Barebones system likely to appeal to SMBs

Barebones system likely to appeal to SMBs

The Lenovo 3000 J115 comes only in a tower case with an appealing grey-green, flat plastic front panel that displays colourfully lit buttons; it reminded us of a German kitchen appliance. If users want a desktop or ultracompact Lenovo system, they'll have to choose from the vendor's ThinkCentre line. The 3000 series is intended to be more appropriate for small businesses, while the ThinkCentre models are aimed at enterprise computing.

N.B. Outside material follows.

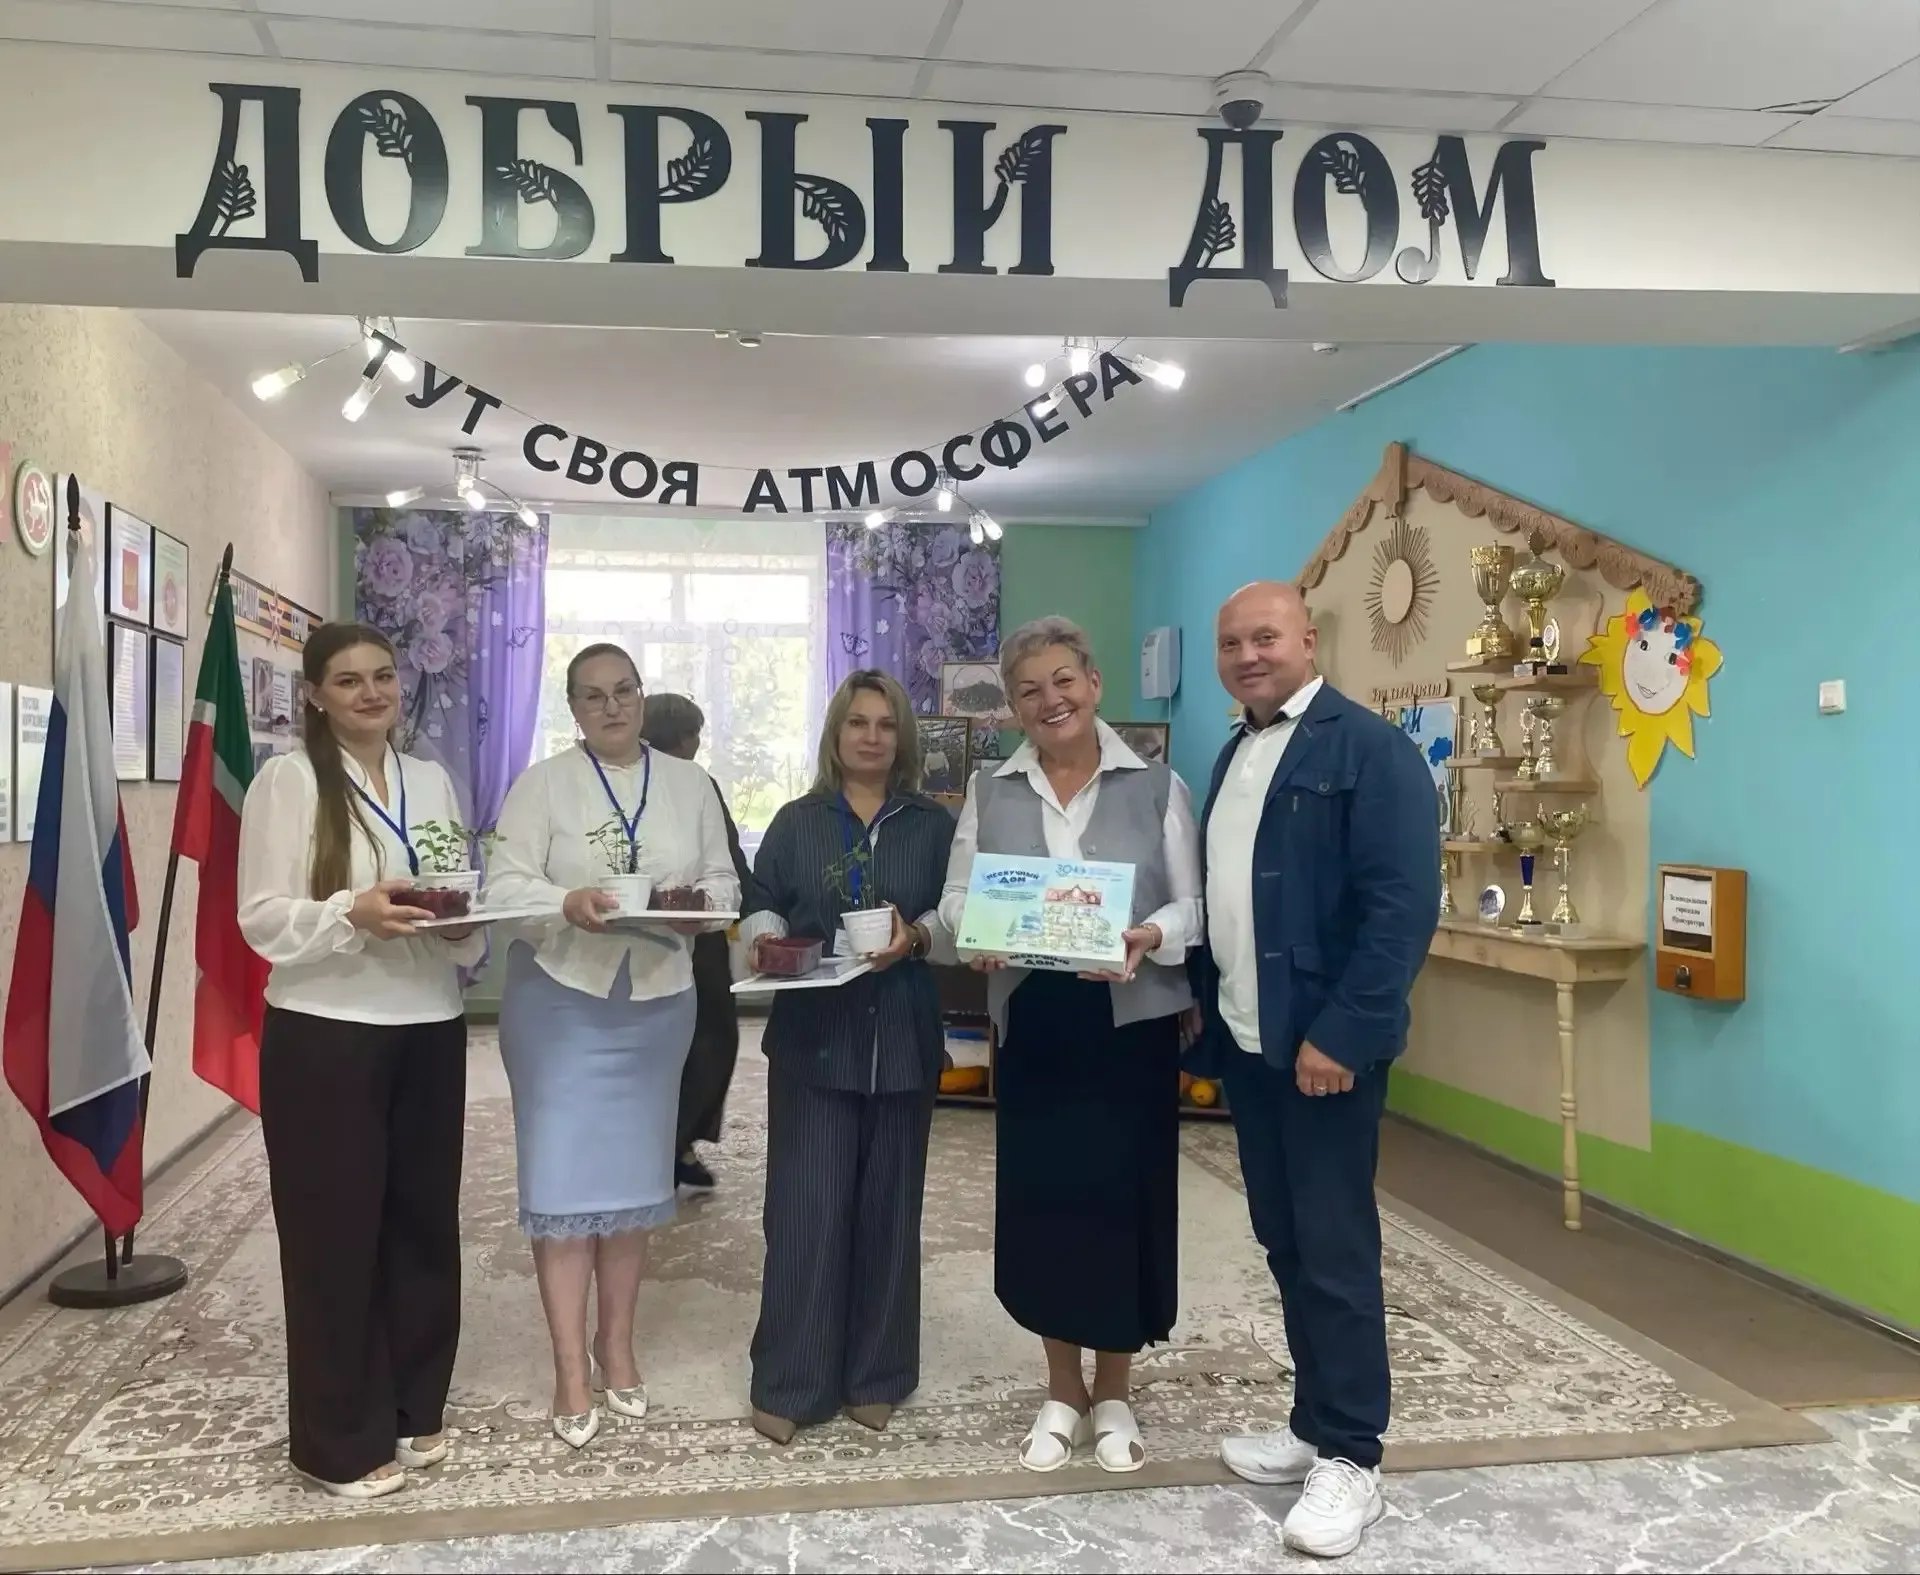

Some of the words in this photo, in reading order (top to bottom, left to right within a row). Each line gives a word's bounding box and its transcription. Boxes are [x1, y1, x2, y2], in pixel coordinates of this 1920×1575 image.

But behind its trendy, attractive facade, the J115 has a surprisingly barebones, old-fashioned case. You need to remove two thumb screws to slide the side panel off; and hard drives, optical drives, and expansion cards are held in by screws, so to swap an optical drive, you'll have to remove both of the case's side panels. Removing anything else inside the PC (aside from RAM) requires tools.

The J115 uses small, traditional fans - one in the power supply, located against the back of the case, and one mounted on top of the CPU's heat sink. It's not a loud system, but it puts out more noise than the Dell OptiPlex 740 we tested at the same time.

The Athlon 64 X2 processor in this system can take advantage of AMD's Cool 'n' Quiet technology, which allows the PC to adjust the speed and voltage to meet the user's needs. AMD said that Vista systems can take advantage of the technology without a driver, whereas XP systems require one.

In our WorldBench 6 Beta 2 tests, the J115 scored a 68, just a point behind the identically configured OptiPlex 740. These three are the first Vista value systems we've tested. Compared with the power Vista systems we have tested previously, these are quite slow - the fastest system we tested then scored a 129 on our benchmark.

The J115 model we tested allowed only a single, VGA-monitor connection. Lenovo charges $US139 for a dual-head ATI X300SE. The 22-inch Lenovo monitor we tested with the J115 does not allow height adjustments or swivelling - only tilting. We did like the look of the J115 model, but Dell's OptiPlex 740 has a better design by far. If users are partial to the Lenovo brand, we recommend a system from its ThinkCentre line, which has many more interior features and service options.